-- Exercise data follows --

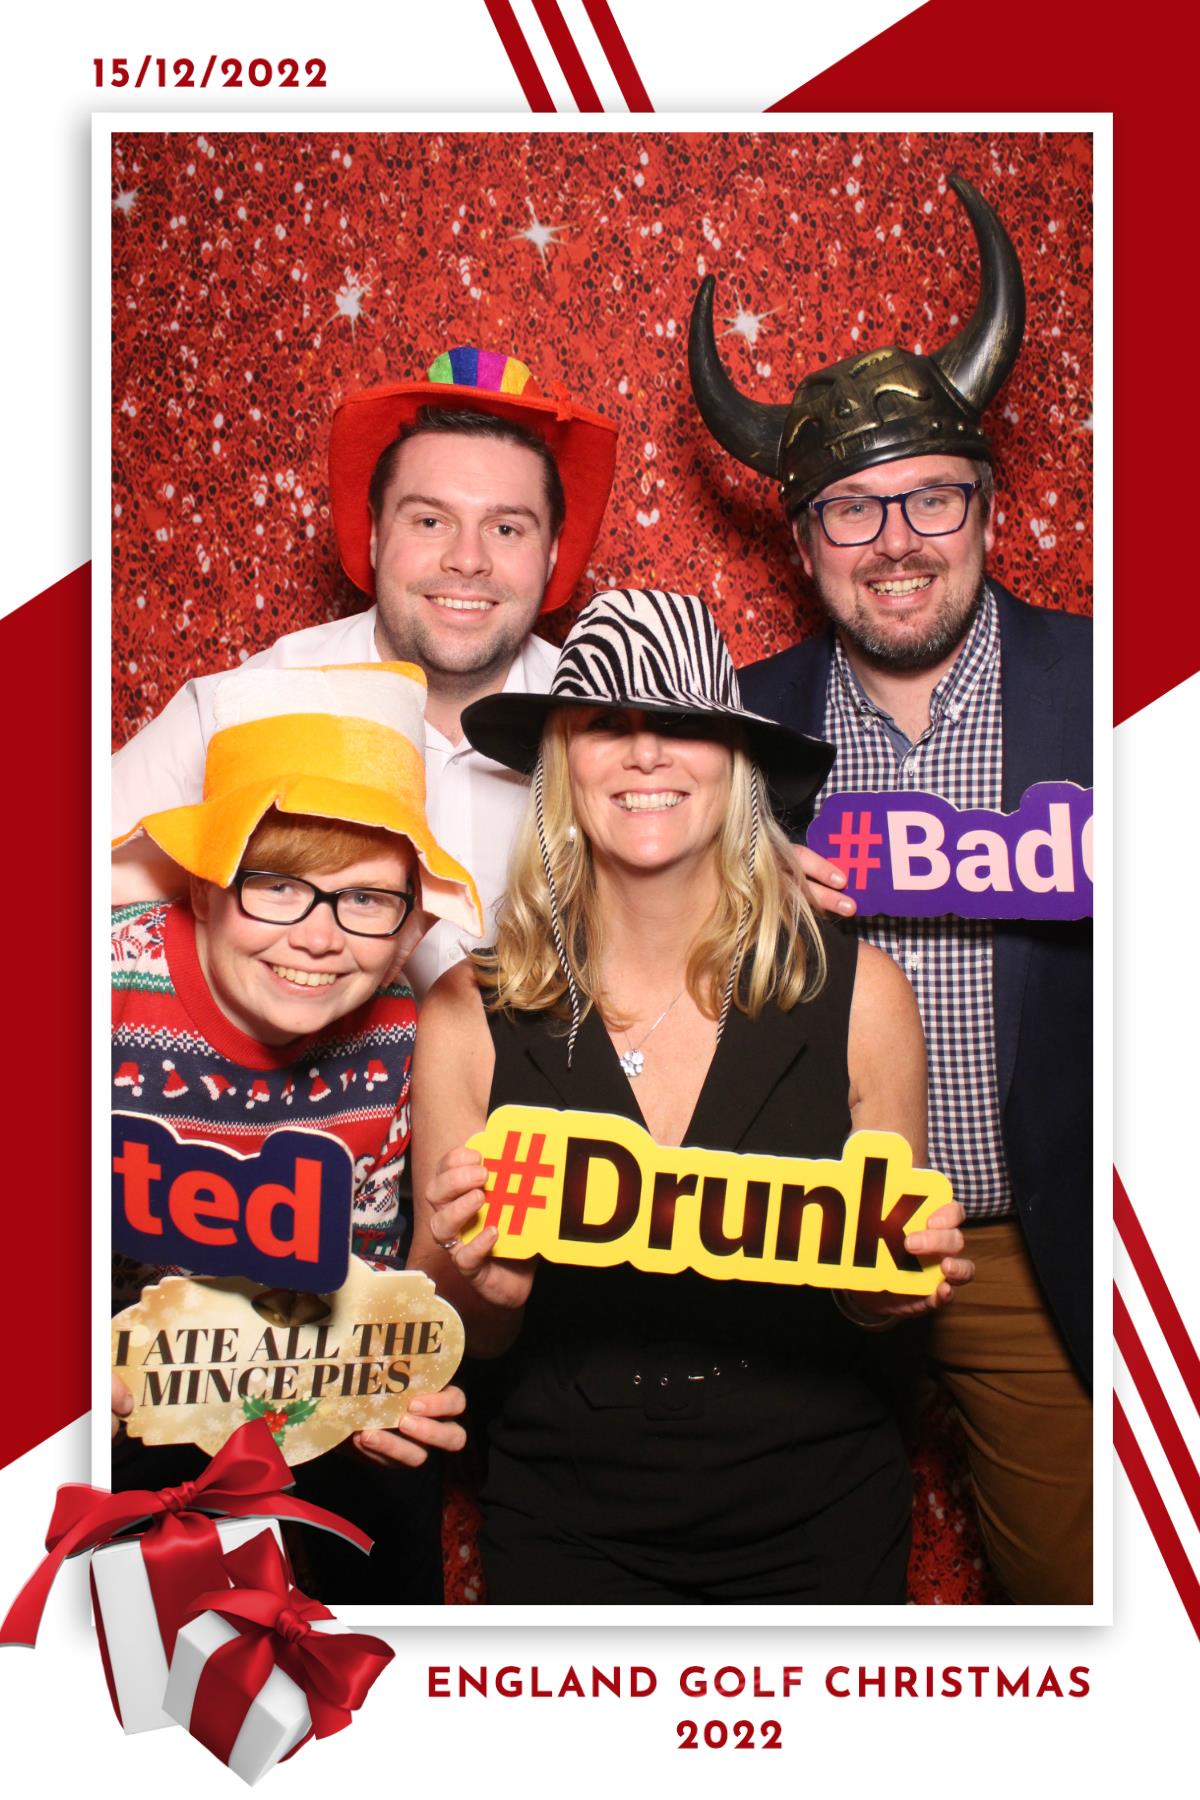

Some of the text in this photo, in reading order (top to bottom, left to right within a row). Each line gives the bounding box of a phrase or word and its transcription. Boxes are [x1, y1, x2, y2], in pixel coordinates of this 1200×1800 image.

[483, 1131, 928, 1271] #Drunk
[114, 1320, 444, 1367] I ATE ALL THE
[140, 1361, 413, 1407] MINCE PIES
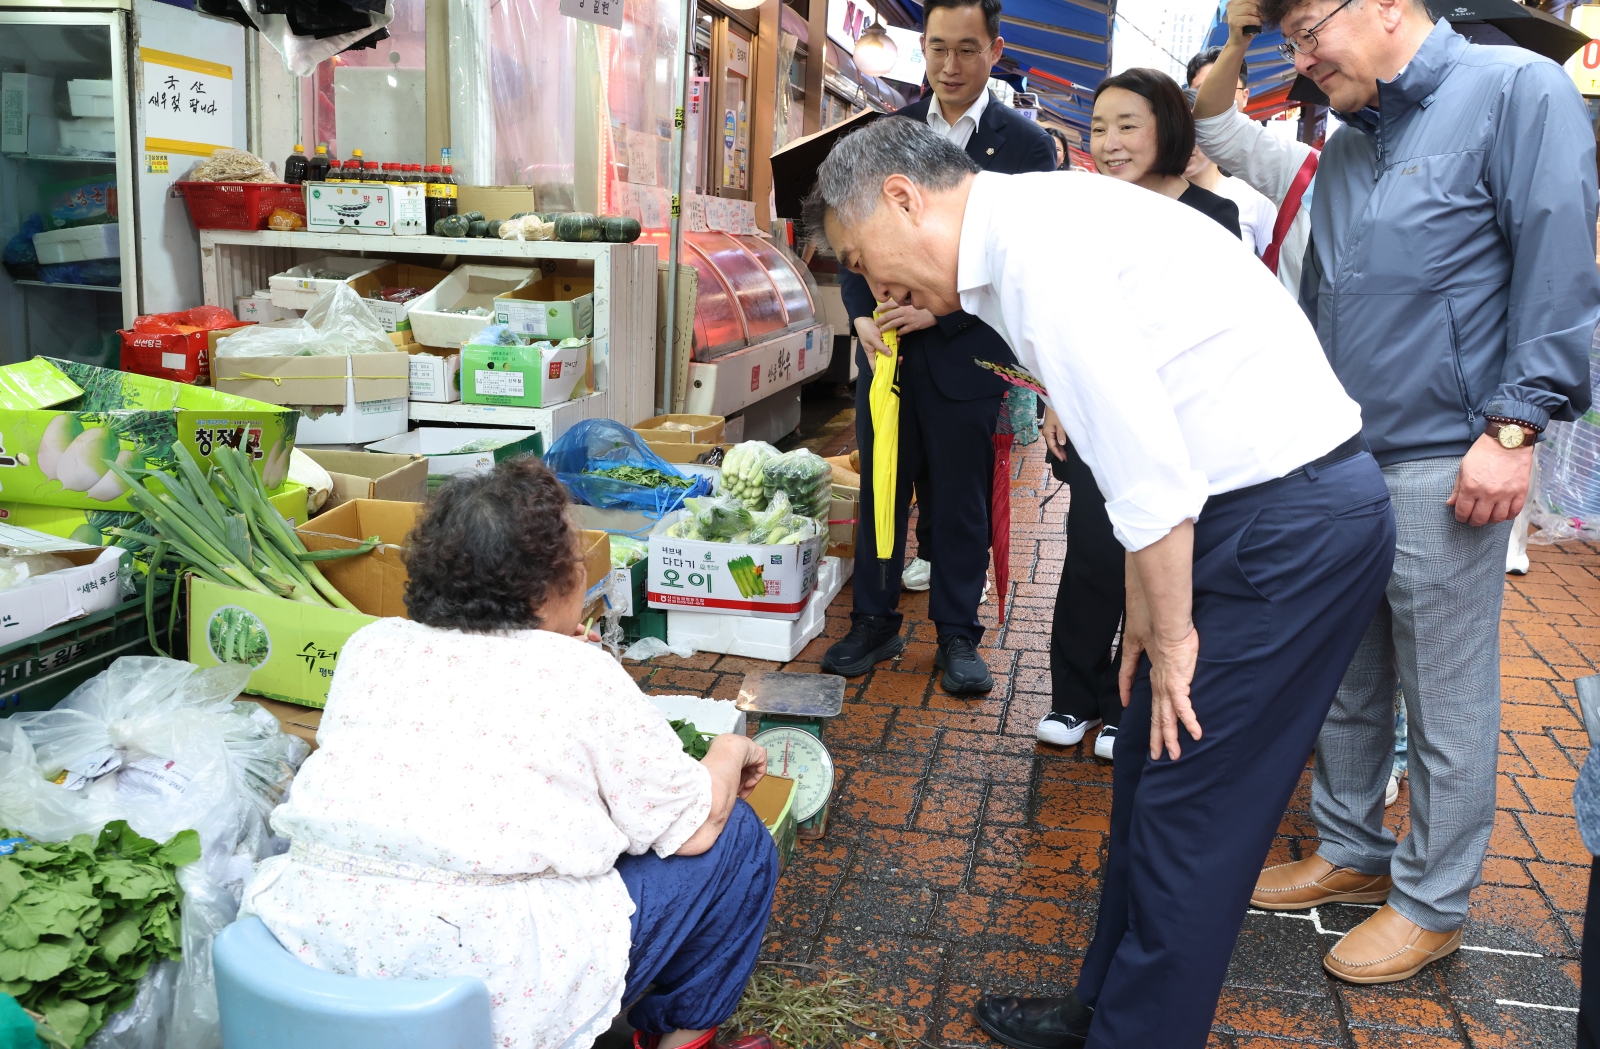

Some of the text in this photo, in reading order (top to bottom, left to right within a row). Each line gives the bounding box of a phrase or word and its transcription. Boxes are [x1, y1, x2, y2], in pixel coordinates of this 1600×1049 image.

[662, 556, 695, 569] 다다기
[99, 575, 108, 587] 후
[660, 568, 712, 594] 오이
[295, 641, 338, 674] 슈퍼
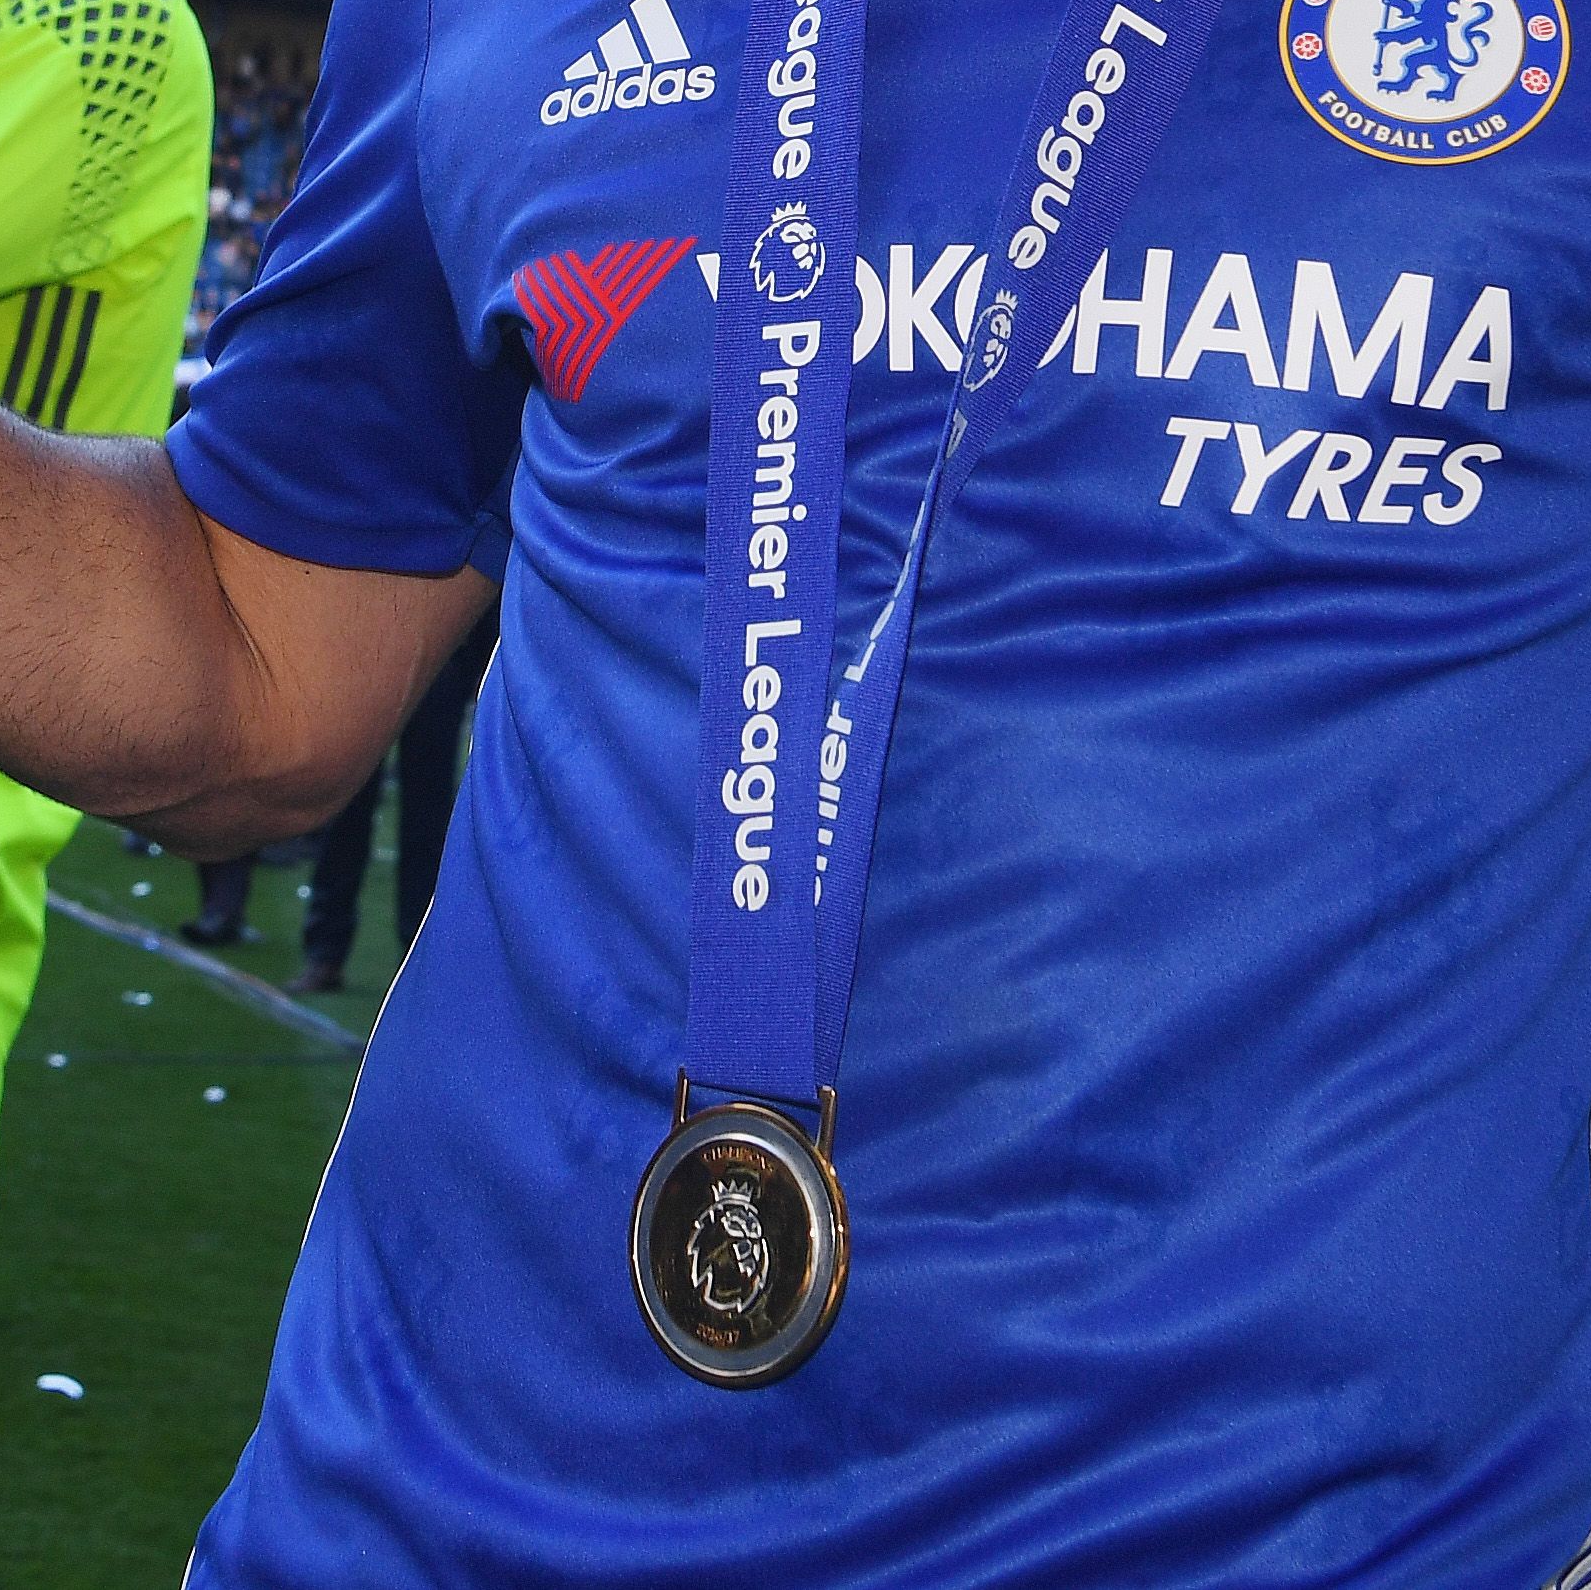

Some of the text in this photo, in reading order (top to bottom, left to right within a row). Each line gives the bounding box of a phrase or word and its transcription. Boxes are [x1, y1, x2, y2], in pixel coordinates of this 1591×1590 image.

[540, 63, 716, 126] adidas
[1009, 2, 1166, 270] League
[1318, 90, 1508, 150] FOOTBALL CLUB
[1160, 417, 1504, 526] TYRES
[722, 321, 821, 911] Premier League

-- Exercise data concluded --

▶ **Your goal**
A verbatim copy of the listing, with all pictures removed, is required.

▶ **Written response**
Some of the text in this photo, in reading order (top to bottom, left to right within a row). Each line gives the bounding box of a phrase or word and its transcription. Boxes are [x1, y1, x2, y2], in pixel coordinates of this 1200×1800 image.

[483, 1131, 928, 1271] #Drunk
[114, 1320, 444, 1367] I ATE ALL THE
[140, 1361, 413, 1407] MINCE PIES

Some of the text in this photo, in reading order (top to bottom, left to right within a row). Each line gives the bounding box of a phrase or word and its transcription. Boxes are [x1, y1, x2, y2], in pixel coordinates of this 1600×1049 image.

[662, 556, 695, 569] 다다기
[99, 575, 108, 587] 후
[660, 568, 712, 594] 오이
[295, 641, 338, 674] 슈퍼

Some of the text in this photo, in reading order (top to bottom, left to right within a row). Each line gives the bounding box of a phrase or word and its transcription. Boxes are [x1, y1, x2, y2], in pixel coordinates of this 1591×1590 image.

[540, 63, 716, 126] adidas
[1009, 2, 1166, 270] League
[1318, 90, 1508, 150] FOOTBALL CLUB
[1160, 417, 1504, 526] TYRES
[722, 321, 821, 911] Premier League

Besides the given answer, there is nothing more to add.